One of the biggest controversies is HAARP, the high frequency program and the technology behind it. Officially, HAARP is a scientific program that is designed to understand the ionosphere. Unofficially, it is a weapon that many suspect the US Military uses to generate low frequency waves that can cause earthquakes and other “natural disasters”. The program was operational for several years, and in 2014 the US Air Force announced that it will shut it down. However, the shutdown was postponed for May 2015, and it is still unknown when it will happen. Latest reports are that the Military will start dismantling the facility in the middle of June.

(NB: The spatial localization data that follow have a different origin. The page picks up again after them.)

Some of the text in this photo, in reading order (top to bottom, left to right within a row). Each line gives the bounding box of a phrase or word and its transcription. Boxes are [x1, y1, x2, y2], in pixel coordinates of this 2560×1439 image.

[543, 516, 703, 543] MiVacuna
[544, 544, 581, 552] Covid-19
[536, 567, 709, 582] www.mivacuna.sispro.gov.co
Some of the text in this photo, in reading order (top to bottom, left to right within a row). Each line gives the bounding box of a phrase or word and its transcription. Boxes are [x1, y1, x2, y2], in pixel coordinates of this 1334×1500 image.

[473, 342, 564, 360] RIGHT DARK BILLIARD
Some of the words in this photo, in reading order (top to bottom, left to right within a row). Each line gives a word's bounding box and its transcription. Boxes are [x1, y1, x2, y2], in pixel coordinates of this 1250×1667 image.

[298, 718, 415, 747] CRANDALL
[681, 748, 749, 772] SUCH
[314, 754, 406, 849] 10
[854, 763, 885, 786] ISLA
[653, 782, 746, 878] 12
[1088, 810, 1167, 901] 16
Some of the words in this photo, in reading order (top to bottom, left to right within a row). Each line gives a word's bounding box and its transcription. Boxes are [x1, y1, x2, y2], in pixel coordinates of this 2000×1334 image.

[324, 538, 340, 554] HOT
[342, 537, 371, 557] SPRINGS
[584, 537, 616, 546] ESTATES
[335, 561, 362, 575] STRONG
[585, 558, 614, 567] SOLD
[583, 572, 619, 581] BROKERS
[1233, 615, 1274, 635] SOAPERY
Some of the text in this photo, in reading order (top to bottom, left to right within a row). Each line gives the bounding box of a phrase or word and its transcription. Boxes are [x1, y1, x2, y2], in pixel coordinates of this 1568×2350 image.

Another interesting theory is that the military has founded technology that allows microwaves to be used as weapons. Microwaves are considered to be the next evolution of non-lethal weapons that are capable of preventing voluntary muscular movements, produce sleep, control emotions, and interfere with memory. While it looks like the weapons are non-lethal, they can be quite dangerous.
In the documents that were published by Edward Snowden, there is evidence that the US Military developed Flame and Stuxnet, two malware programs that made its way to the digital world. The program was jointly funded by the US and Israel.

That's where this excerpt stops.